The past is not always prologue, especially in the mercurial twists and turns of the Sars-Cov-2 saga, but Omicron’s outbreak does feel like the beginning of the end of the pandemic. With the vast majority of residents in our major metropolises double vaccinated and with many having had covid in the horrendous second wave last year, India seems well positioned to weather it. Almost two-thirds of our population had been double vaccinated as of the end of 2021, and the numbers in major cities are well above the national average.

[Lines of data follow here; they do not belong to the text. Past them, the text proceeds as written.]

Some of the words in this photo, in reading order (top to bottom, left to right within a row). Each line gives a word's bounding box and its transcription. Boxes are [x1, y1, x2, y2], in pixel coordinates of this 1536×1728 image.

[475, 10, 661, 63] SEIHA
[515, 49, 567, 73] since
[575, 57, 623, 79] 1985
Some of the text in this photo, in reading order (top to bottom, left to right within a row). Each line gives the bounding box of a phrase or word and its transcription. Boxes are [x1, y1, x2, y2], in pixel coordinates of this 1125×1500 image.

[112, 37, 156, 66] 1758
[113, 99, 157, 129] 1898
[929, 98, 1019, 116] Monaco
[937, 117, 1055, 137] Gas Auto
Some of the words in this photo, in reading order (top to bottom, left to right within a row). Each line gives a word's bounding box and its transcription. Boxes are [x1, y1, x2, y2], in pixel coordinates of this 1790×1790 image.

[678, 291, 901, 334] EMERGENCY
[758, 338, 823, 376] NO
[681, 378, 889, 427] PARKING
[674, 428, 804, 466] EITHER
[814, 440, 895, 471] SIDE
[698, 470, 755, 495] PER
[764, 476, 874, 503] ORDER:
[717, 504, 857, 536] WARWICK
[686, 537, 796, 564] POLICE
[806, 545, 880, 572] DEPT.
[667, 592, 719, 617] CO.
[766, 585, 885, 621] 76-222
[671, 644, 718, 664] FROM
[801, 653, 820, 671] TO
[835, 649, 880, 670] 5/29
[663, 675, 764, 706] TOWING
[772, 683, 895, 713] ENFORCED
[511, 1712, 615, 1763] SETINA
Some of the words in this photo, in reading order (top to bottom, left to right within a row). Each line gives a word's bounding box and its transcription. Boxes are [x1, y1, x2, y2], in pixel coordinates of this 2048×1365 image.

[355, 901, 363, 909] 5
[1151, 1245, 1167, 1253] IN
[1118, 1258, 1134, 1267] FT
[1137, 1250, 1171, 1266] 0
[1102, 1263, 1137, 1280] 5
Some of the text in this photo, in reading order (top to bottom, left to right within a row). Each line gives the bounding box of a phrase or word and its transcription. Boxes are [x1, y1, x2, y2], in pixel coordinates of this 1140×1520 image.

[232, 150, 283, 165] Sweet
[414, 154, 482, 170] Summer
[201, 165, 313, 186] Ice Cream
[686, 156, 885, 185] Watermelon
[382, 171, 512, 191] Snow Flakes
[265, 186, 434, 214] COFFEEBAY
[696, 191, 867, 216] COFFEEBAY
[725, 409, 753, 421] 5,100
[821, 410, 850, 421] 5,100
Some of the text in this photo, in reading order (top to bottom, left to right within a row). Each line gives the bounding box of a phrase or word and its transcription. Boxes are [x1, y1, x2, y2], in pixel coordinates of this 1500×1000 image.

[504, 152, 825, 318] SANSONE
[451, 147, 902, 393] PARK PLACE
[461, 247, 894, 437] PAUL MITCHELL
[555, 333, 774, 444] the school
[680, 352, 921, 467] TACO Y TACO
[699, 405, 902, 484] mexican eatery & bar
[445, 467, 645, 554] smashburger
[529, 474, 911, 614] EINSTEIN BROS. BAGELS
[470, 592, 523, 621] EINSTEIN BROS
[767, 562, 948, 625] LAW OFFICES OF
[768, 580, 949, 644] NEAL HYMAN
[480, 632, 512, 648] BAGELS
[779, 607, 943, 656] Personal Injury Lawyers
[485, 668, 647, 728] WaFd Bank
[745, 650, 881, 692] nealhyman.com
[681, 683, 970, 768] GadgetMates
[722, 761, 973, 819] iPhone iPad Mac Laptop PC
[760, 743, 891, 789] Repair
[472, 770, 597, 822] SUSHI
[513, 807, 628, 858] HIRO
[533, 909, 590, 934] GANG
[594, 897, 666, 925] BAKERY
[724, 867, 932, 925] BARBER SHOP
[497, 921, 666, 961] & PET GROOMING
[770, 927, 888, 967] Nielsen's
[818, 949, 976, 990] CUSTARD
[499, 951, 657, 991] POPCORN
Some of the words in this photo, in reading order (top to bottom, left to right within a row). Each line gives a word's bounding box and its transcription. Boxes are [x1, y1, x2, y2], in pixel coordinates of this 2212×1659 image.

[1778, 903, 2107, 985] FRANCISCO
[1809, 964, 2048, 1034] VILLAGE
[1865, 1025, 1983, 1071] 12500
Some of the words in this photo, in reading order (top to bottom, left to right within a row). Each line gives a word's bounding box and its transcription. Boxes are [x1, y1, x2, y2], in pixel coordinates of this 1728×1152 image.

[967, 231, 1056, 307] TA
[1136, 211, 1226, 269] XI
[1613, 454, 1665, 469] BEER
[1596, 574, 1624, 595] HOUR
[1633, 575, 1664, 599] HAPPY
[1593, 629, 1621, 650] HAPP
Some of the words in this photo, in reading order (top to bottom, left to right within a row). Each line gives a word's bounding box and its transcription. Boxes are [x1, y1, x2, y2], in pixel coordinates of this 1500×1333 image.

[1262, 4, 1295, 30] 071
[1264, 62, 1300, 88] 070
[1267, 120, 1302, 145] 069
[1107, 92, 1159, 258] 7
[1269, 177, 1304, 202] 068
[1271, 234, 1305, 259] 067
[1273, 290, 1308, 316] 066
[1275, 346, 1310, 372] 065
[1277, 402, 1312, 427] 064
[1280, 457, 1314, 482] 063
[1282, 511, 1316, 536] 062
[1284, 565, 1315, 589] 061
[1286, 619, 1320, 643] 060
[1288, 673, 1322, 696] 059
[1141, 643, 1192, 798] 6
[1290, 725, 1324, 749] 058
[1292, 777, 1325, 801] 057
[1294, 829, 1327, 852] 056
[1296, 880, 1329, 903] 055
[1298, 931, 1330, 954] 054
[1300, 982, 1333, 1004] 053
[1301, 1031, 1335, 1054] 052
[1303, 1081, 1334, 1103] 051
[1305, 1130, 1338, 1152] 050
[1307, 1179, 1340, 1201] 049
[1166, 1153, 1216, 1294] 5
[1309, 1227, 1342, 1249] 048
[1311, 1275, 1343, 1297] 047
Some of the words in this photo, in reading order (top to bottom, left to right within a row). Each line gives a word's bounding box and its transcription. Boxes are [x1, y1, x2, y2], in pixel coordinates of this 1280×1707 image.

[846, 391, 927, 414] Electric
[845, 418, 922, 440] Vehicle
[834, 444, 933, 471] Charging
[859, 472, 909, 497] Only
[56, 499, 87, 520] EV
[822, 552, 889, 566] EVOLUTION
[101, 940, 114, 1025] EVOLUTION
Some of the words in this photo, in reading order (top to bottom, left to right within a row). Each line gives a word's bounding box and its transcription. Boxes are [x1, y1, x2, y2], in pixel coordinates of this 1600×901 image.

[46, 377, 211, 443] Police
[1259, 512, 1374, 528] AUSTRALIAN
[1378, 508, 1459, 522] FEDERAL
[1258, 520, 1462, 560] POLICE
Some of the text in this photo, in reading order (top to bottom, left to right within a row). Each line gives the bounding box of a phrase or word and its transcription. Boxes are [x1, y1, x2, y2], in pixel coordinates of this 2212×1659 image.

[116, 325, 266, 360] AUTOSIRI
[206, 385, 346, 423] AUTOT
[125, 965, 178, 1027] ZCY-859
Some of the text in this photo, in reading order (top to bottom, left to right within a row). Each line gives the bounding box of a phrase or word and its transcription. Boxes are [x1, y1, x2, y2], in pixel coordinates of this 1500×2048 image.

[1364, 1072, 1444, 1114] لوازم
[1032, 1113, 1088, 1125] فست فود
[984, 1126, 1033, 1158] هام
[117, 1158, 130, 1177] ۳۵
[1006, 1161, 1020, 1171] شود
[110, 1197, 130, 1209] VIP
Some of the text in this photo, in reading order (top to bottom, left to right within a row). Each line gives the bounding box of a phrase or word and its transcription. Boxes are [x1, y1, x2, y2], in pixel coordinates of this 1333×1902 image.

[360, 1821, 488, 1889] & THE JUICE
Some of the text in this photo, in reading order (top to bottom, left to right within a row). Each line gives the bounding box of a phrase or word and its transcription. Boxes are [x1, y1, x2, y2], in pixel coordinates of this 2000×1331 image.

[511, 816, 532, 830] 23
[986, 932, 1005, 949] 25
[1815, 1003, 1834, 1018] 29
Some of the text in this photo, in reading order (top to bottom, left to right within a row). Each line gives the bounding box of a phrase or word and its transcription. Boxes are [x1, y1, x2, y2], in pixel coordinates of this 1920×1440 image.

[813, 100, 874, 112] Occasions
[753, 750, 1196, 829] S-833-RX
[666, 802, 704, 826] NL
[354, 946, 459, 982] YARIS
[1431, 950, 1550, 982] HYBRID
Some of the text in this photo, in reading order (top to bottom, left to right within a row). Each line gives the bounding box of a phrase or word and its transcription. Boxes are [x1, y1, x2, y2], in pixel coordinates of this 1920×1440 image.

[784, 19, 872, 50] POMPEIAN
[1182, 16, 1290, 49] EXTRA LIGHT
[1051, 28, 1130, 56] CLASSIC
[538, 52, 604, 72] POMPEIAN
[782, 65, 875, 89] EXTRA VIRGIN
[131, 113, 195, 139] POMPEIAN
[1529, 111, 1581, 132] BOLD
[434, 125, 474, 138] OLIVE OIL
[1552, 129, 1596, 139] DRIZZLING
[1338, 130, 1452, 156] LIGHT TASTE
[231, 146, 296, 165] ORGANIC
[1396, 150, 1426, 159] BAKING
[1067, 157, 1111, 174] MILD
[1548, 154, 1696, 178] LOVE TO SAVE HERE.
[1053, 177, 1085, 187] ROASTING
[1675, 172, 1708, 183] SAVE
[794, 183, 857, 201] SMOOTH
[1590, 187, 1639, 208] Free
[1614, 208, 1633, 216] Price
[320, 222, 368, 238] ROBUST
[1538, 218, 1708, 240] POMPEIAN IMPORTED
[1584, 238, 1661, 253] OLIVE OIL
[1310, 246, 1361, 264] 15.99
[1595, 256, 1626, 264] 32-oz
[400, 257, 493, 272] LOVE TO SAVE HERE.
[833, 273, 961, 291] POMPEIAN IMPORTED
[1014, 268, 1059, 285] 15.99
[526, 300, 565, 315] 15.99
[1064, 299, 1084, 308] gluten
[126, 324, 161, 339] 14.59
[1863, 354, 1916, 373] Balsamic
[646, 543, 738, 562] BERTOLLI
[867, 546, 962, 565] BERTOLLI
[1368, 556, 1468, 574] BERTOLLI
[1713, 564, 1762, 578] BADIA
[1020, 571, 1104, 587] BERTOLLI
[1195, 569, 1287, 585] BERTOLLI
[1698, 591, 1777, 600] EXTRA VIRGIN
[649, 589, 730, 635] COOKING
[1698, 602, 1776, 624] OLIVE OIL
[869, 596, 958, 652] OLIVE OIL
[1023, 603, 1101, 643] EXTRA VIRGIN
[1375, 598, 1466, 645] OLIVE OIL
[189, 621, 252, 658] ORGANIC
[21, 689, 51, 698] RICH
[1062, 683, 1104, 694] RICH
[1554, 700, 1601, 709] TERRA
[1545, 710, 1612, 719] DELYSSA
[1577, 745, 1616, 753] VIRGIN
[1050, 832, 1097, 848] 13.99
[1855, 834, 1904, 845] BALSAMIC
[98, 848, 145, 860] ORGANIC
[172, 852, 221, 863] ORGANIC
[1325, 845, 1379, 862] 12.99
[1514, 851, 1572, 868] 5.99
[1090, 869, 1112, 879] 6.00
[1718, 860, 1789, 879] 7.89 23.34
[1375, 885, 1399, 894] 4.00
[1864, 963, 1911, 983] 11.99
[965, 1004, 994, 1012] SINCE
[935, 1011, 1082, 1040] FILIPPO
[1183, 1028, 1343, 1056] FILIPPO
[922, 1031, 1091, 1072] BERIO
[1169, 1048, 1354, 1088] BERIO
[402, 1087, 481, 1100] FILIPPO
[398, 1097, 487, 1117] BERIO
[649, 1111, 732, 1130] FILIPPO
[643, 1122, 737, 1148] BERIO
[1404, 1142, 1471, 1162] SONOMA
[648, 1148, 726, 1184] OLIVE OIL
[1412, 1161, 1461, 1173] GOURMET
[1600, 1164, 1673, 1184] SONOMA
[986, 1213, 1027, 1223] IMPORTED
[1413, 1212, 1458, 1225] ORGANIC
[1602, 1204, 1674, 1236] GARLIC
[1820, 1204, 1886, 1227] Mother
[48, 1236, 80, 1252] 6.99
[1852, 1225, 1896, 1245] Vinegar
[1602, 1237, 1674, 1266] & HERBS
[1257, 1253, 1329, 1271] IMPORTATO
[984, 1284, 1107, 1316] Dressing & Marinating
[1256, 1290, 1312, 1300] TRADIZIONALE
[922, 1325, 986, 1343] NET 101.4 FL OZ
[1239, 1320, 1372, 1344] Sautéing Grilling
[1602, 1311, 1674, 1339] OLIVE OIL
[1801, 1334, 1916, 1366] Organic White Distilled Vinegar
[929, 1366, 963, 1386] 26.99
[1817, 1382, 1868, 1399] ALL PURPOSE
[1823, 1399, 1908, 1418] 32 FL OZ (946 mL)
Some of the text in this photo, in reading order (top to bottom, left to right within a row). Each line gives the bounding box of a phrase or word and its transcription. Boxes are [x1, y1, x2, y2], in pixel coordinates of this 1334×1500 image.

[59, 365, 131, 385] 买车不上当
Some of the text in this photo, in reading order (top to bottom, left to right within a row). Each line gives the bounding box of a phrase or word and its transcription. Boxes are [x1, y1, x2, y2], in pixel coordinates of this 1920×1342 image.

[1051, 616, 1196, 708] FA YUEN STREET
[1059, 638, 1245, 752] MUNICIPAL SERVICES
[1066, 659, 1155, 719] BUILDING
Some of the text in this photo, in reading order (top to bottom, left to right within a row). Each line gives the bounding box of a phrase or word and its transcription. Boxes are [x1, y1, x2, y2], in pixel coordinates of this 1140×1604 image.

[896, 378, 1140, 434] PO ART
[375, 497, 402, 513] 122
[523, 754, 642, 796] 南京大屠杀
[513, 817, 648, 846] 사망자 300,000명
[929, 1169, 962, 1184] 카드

Paradoxically, state and city administrations in India are responding with something approaching the sledgehammer approach we have seen all too frequently. Bengaluru and Delhi will impose weekend curfews from Friday night, rather than limit the number of people who can gather in one place, which would be much more sensible and not deliver another body blow to service industries. Politicians continue to pose at vaccine camps of all places without wearing masks—which just about every expert believes we need to continue doing for the foreseeable future. Friends in Delhi who tested positive, albeit with very mild symptoms, had to argue with municipal officials and produce doctors’ certificates to avoid being marched off to hospitals. A friend’s niece who had come off a flight from Europe was forcibly hospitalized for ten days in Delhi at a cost of 10,000 a day and inexplicably denied an RT-PCR test for days. Meanwhile, the contrast between our government’s risk assessment for travellers from Europe and those from the US could not be starker. The former are tested as they get off planes and subject to home quarantines, while those from the US, where new infections crossed 1 million over a 24-hour period on Monday, saunter through. Perhaps India merely has different rules for superpowers.

As for boosters, all changed when Prime Minister Narendra Modi announced on 25 December that a “precautionary" dose would be available for those over 60 with co-morbidities. It’s still a puzzle why protein-based vaccines such as Covovax, which are, if anything, more effective in creating antibodies, were only approved a few days after Modi’s announcement and long after the World Health Organisation had approved Covovax.

Fresh off a plane from Hong Kong in January 2020, I did what I could to sound alarm bells over the approaching covid pandemic, interviewing a renowned epidemiologist a couple of weeks later. Now, I fear a kind of covid coverage-induced brain fog trying to understand our bureaucracy’s contradictory responses more than I worry about contracting Omicron. The good news from across the world is that the milder, gentler Omicron is triumphing in what The New York Times’ Carl Zimmer characterizes as a wrestling match-styled “cage-fight" with Delta. Omicron may even deliver herd immunity.

The government needs to ensure we wear masks religiously, meet outdoors where possible and stop large gatherings such as election rallies and large weddings. But let’s not choke India’s economic recovery with curfews and lockdowns.

Rahul Jacob is a Mint columnist and a former Financial Times foreign correspondent.